Convert the pidfs inode-to-pid mapping from an rb-tree with seqcount
protection to an rhashtable. This removes the global pidmap_lock
contention from pidfs_ino_get_pid() lookups and allows the hashtable
insert to happen outside the pidmap_lock.

pidfs_add_pid() is split. pidfs_prepare_pid() allocates inode number and
initializes pid fields and is called inside pidmap_lock. pidfs_add_pid()
inserts pid into rhashtable and is called outside pidmap_lock. Insertion
into the rhashtable can fail and memory allocation may happen so we need
to drop the spinlock.

To guard against accidently opening an already reaped task
pidfs_ino_get_pid() uses additional checks beyond pid_vnr(). If
pid->attr is PIDFS_PID_DEAD or NULL the pid either never had a pidfd or
it already went through pidfs_exit() aka the process as already reaped.
If pid->attr is valid check PIDFS_ATTR_BIT_EXIT to figure out whether
the task has exited.

This slightly changes visibility semantics: pidfd creation is denied
after pidfs_exit() runs, which is just before the pid number is removed
from the via free_pid(). That should not be an issue though.
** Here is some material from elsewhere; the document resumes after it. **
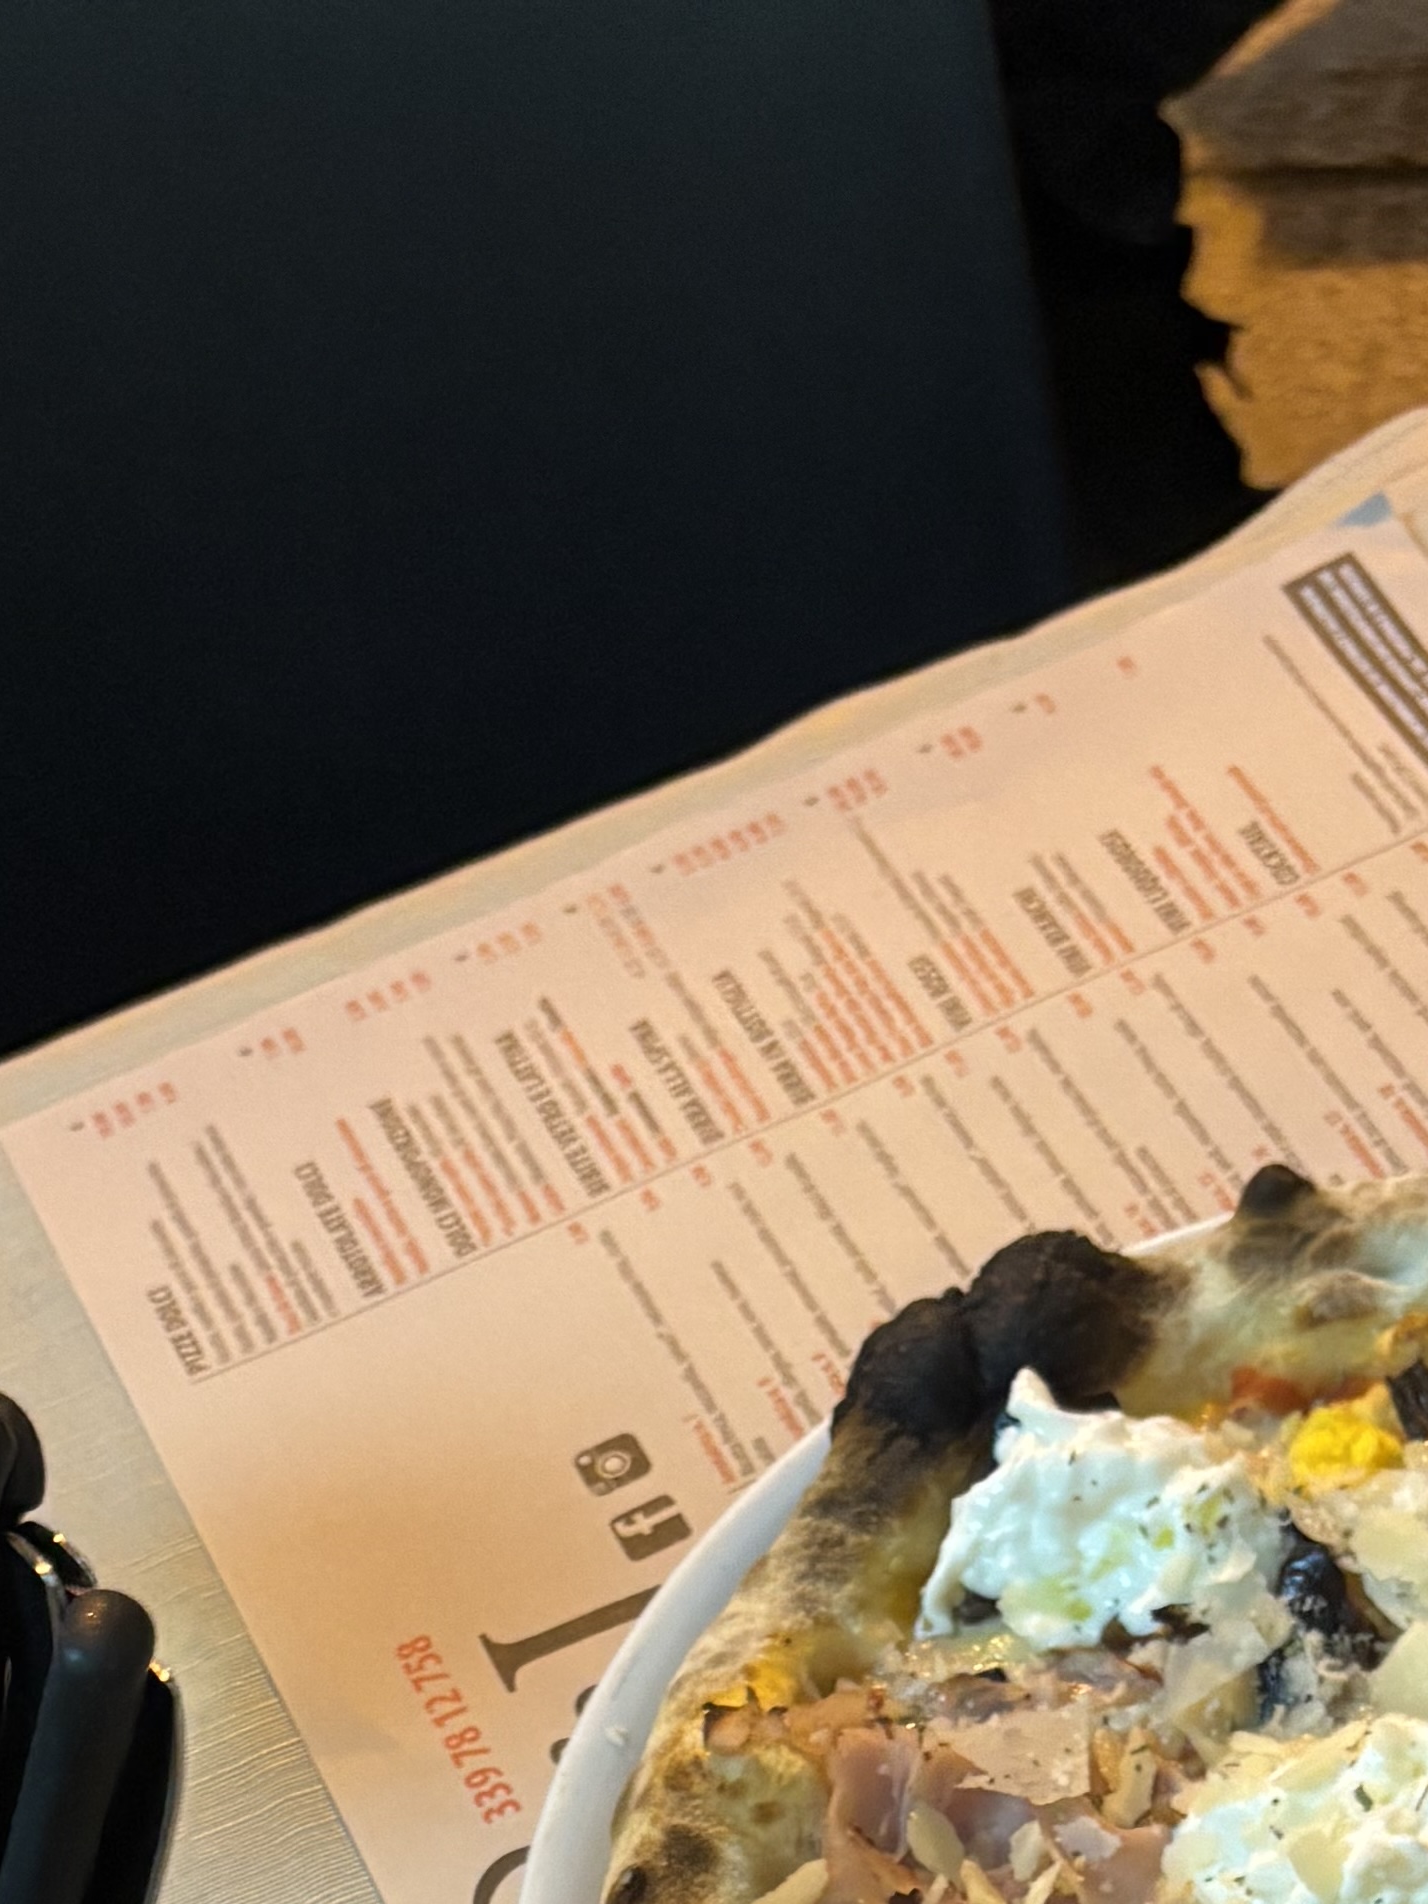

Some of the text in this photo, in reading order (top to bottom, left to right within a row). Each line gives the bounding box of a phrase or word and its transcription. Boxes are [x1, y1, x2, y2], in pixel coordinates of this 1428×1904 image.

[396, 1634, 521, 1824] 339 78 12 758
Link: https://lore.kernel.org/20251206131955.780557-1-mjguzik@gmail.com [1]
Link: https://patch.msgid.link/20260120-work-pidfs-rhashtable-v2-1-d593c4d0f576@kernel.org
Reviewed-by: Jan Kara <jack@suse.cz>
Signed-off-by: Christian Brauner <brauner@kernel.org>
2026-02-10 11:39:30 +01:00

21 lines
629 B
C

/* SPDX-License-Identifier: GPL-2.0 */
#ifndef _LINUX_PID_FS_H
#define _LINUX_PID_FS_H
struct coredump_params;
struct file *pidfs_alloc_file(struct pid *pid, unsigned int flags);
void __init pidfs_init(void);
void pidfs_prepare_pid(struct pid *pid);
int pidfs_add_pid(struct pid *pid);
void pidfs_remove_pid(struct pid *pid);
void pidfs_exit(struct task_struct *tsk);
#ifdef CONFIG_COREDUMP
void pidfs_coredump(const struct coredump_params *cprm);
#endif
extern const struct dentry_operations pidfs_dentry_operations;
int pidfs_register_pid(struct pid *pid);
void pidfs_free_pid(struct pid *pid);
#endif /* _LINUX_PID_FS_H */